Problem details.
Images appear in the records below; leave them out and repeat everything else exactly.

Dataset extract.

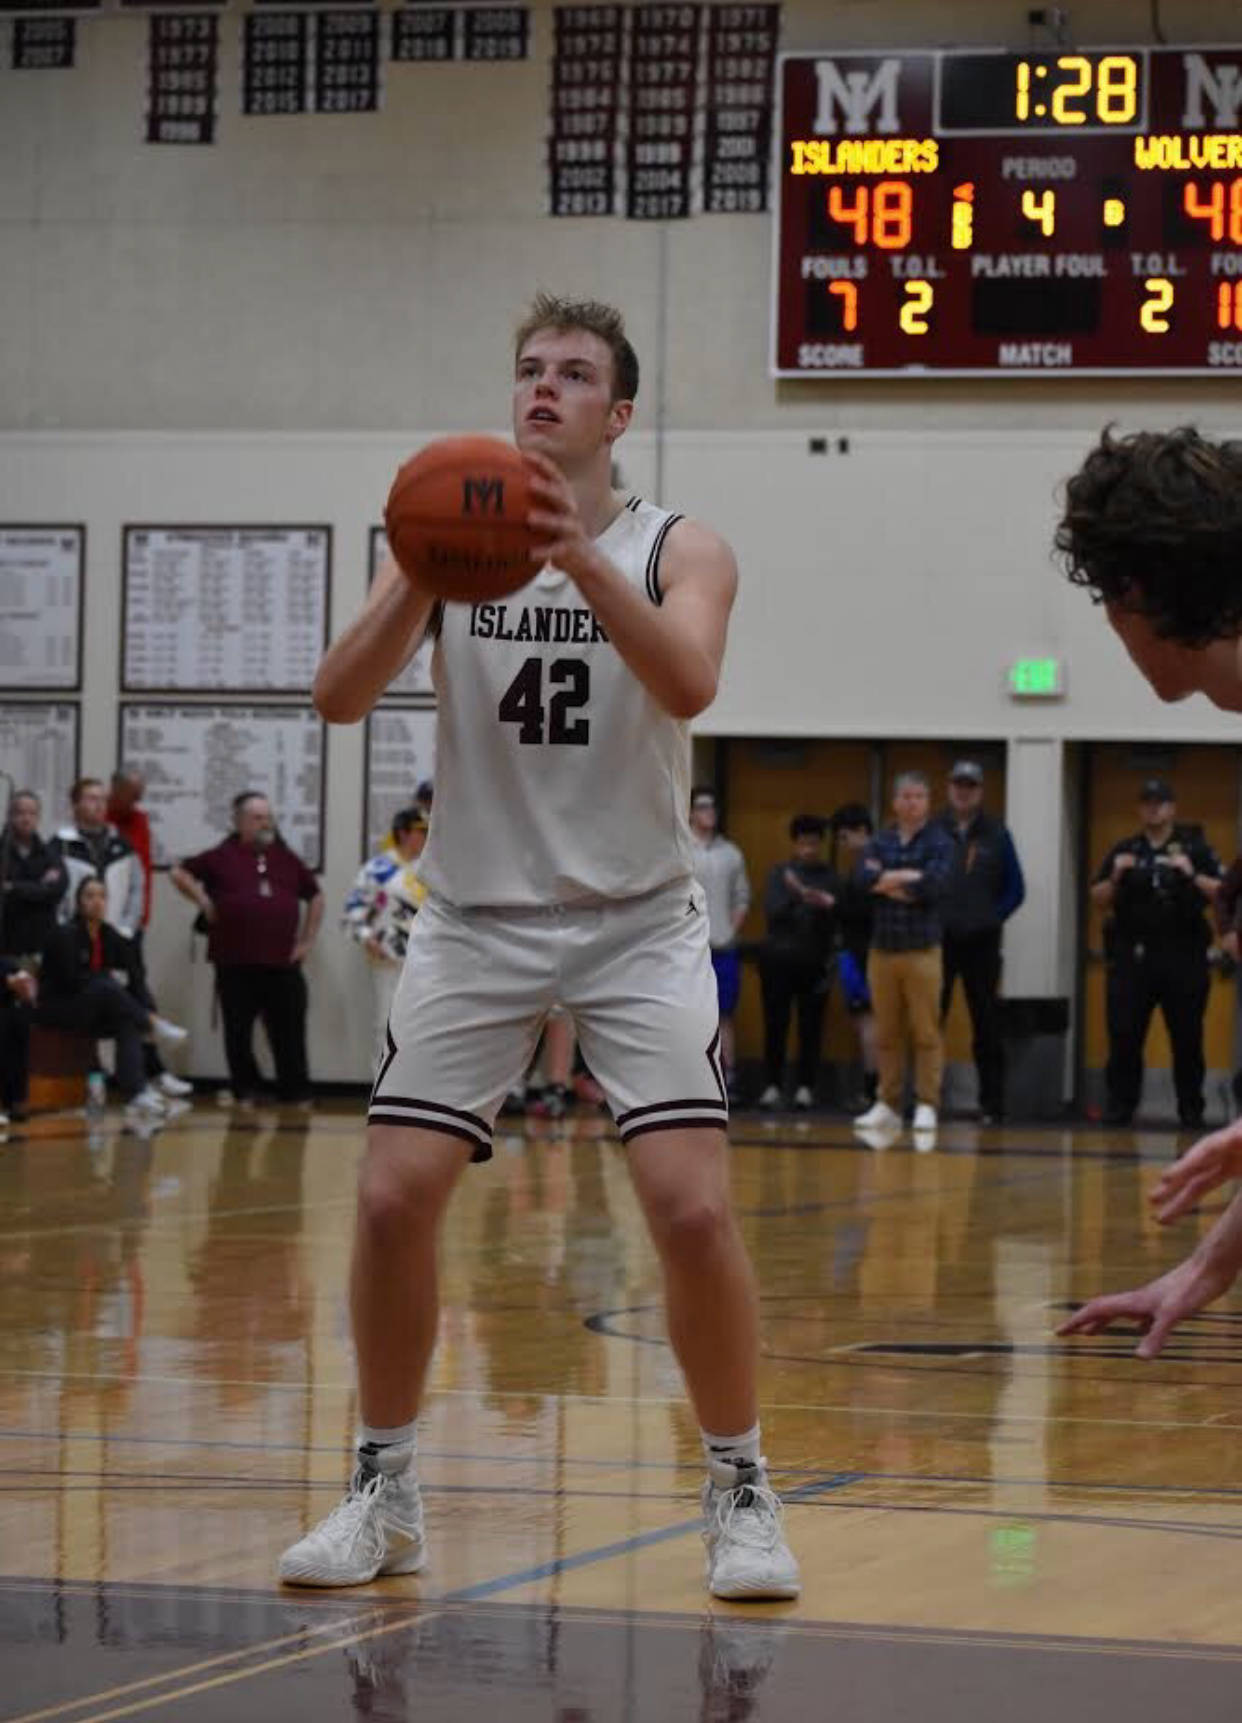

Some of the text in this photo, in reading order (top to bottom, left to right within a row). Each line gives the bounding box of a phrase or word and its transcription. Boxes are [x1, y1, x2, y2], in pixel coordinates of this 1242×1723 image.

[1016, 56, 1137, 124] 1:28
[791, 140, 939, 175] ISLANDERS
[1002, 157, 1077, 179] PERIOD
[1135, 135, 1242, 169] WOLVER
[829, 181, 912, 249] 48
[1022, 190, 1055, 237] 4
[801, 256, 867, 278] FOULS
[971, 255, 1107, 277] PLAYER FOUL
[828, 280, 858, 332] 7
[900, 280, 933, 335] 2
[1140, 278, 1174, 334] 2
[798, 343, 865, 367] SCORE
[999, 343, 1073, 366] MATCH
[499, 657, 590, 745] 42

Result for this exercise.
Some of the text in this photo, in reading order (top to bottom, left to right within a row). Each line gives the bounding box of a phrase or word and its transcription. Boxes are [x1, y1, x2, y2], in pixel coordinates of this 1242×1723 image.

[1016, 56, 1137, 124] 1:28
[791, 140, 939, 175] ISLANDERS
[1002, 157, 1077, 179] PERIOD
[1135, 135, 1242, 169] WOLVER
[829, 181, 912, 249] 48
[1022, 190, 1055, 237] 4
[801, 256, 867, 278] FOULS
[971, 255, 1107, 277] PLAYER FOUL
[828, 280, 858, 332] 7
[900, 280, 933, 335] 2
[1140, 278, 1174, 334] 2
[798, 343, 865, 367] SCORE
[999, 343, 1073, 366] MATCH
[499, 657, 590, 745] 42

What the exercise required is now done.